Some quotes from wet web media dot com.
Maroon Clownfishes can be, become outright MEAN... particularly if crowded, especially if placed with other fishes, clownfish species included, that will not "back down", recognize their obvious superiority. Some folks try to diminish this tendency to "rule all" in their Maroon tanks with the addition of anemones, more decor... this almost NEVER works.
Of all Clownfish species, Maroons are likely the very most changeable, flexible in their behavior, but also the downright orneriest as well. They can easily take on even larger triggerfishes, puffers, basses... and tear up hexacorallian tankmates... corals and anemones especially. The key descriptor in their intelligent care is "keen observation"... You must keep your eye on them, lest they "go ballistic". It is highly recommended that you intentionally place your Maroon/s last or close to last as fish livestock AND that they be what you want as the "alpha" fish... Even in tanks of a few hundred gallons.

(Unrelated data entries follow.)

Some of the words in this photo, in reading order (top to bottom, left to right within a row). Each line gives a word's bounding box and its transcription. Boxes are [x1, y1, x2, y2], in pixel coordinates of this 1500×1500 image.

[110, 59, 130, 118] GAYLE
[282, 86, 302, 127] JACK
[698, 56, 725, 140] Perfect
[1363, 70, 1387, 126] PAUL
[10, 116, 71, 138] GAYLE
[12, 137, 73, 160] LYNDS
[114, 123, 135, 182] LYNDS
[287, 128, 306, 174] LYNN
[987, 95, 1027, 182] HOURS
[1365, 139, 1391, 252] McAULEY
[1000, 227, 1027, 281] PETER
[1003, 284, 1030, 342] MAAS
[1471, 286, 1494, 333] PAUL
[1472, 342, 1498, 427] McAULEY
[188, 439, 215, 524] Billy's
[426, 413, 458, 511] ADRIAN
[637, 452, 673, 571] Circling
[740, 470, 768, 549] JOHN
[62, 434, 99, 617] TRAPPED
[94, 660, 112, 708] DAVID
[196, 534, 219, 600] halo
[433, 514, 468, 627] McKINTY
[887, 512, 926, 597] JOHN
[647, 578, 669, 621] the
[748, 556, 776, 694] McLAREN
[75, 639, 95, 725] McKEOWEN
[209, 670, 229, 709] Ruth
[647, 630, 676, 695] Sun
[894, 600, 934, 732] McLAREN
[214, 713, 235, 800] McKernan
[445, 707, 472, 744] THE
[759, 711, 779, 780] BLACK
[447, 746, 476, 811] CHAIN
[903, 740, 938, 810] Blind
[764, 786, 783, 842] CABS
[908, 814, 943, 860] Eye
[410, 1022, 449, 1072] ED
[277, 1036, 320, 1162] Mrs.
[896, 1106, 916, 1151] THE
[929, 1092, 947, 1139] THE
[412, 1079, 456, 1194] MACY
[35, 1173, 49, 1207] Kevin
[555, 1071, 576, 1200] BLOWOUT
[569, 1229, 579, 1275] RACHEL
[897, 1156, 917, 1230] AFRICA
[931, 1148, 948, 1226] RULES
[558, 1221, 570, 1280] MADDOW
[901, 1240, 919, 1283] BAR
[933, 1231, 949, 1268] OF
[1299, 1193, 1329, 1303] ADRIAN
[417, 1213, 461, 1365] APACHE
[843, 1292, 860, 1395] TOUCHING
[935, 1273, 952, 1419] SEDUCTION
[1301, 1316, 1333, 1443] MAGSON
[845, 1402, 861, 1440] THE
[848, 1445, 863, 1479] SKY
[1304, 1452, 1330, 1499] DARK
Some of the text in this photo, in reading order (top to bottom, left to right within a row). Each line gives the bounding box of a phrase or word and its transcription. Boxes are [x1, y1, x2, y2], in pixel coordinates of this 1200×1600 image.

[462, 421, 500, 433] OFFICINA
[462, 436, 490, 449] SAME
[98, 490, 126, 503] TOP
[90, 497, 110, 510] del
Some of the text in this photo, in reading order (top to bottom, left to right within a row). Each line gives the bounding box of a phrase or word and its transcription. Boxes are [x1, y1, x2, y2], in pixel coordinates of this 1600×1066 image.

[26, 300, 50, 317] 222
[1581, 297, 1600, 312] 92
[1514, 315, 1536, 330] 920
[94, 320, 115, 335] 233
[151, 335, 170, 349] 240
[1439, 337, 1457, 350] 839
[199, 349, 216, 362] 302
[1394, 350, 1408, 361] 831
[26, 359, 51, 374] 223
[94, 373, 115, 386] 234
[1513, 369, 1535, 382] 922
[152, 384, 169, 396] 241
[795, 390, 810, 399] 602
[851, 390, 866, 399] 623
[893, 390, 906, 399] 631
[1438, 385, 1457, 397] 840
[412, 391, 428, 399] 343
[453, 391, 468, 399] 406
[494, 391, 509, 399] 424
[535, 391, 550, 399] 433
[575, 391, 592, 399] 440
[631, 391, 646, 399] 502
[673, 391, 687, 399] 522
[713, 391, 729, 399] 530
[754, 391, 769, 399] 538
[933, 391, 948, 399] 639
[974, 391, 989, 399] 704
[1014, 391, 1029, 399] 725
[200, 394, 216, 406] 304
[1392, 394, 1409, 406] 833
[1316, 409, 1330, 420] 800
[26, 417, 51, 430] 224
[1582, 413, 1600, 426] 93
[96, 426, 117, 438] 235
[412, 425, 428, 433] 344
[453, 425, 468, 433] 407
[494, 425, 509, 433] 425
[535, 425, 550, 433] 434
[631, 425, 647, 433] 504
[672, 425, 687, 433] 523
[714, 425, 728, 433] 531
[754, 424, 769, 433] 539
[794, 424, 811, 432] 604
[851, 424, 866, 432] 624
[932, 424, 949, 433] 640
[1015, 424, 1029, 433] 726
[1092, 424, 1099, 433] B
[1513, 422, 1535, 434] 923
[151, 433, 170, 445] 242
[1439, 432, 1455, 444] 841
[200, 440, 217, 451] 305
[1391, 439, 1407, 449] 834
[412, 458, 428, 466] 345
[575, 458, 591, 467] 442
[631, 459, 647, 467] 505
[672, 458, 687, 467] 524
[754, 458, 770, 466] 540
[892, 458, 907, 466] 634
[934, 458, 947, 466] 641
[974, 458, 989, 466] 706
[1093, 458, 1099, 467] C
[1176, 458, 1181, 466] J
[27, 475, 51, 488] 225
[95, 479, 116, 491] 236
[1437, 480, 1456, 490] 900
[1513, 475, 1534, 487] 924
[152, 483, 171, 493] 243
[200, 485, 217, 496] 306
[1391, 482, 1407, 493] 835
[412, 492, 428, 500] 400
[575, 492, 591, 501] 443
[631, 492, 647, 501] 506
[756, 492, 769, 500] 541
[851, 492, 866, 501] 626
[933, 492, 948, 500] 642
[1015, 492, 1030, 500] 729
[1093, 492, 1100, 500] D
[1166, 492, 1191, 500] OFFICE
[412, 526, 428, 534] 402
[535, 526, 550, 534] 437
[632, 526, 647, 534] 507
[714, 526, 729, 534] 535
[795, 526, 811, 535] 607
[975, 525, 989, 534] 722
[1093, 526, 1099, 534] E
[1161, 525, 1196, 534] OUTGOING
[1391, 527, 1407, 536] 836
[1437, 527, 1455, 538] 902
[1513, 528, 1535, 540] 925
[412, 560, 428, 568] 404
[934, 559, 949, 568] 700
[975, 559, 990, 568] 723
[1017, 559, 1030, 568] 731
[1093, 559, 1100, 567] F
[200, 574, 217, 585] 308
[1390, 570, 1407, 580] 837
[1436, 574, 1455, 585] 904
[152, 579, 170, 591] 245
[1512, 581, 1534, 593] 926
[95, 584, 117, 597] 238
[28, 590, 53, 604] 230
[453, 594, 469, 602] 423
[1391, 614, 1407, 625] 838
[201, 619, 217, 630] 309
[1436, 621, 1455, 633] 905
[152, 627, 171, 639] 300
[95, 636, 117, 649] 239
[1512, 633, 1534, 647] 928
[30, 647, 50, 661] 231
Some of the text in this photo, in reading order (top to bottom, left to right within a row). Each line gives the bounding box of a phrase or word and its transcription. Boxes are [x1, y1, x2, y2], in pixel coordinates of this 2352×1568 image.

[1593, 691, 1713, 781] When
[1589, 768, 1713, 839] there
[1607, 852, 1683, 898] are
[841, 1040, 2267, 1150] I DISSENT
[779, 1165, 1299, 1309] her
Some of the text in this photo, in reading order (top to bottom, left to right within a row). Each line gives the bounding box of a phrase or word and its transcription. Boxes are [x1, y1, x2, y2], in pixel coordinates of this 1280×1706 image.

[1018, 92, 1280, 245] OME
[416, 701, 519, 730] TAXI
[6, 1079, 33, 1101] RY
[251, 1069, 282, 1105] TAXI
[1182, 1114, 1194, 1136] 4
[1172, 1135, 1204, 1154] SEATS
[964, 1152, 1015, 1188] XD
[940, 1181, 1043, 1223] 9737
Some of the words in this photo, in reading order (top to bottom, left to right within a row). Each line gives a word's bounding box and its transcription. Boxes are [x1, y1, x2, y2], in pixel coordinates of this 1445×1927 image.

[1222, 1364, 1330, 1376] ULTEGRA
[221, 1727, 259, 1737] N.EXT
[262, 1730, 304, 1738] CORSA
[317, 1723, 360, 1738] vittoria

This fish gets big... nearly seven inches long in the wild, just slightly smaller in captivity, and can be, to put it mildly, feisty with its own kind and other livestock. I would not place a single individual in anything smaller than a forty gallon, or two in a sixty
So... you can read this off like a checklist: Do you have a large enough tank (forty gallon for one, sixty for two minimum), that can use a "boss" fish? That you might have its hexacorallian organisms shredded? Lots of time to wait on a beautiful fish or two? Well, you just might be a candidate for Maroon keeping. Most problems with this fish are self-generated... people trying to keep them in too small a system, not as the alpha fish, buying large wild-caught specimens and not properly quarantining them... Avoid these common mistakes.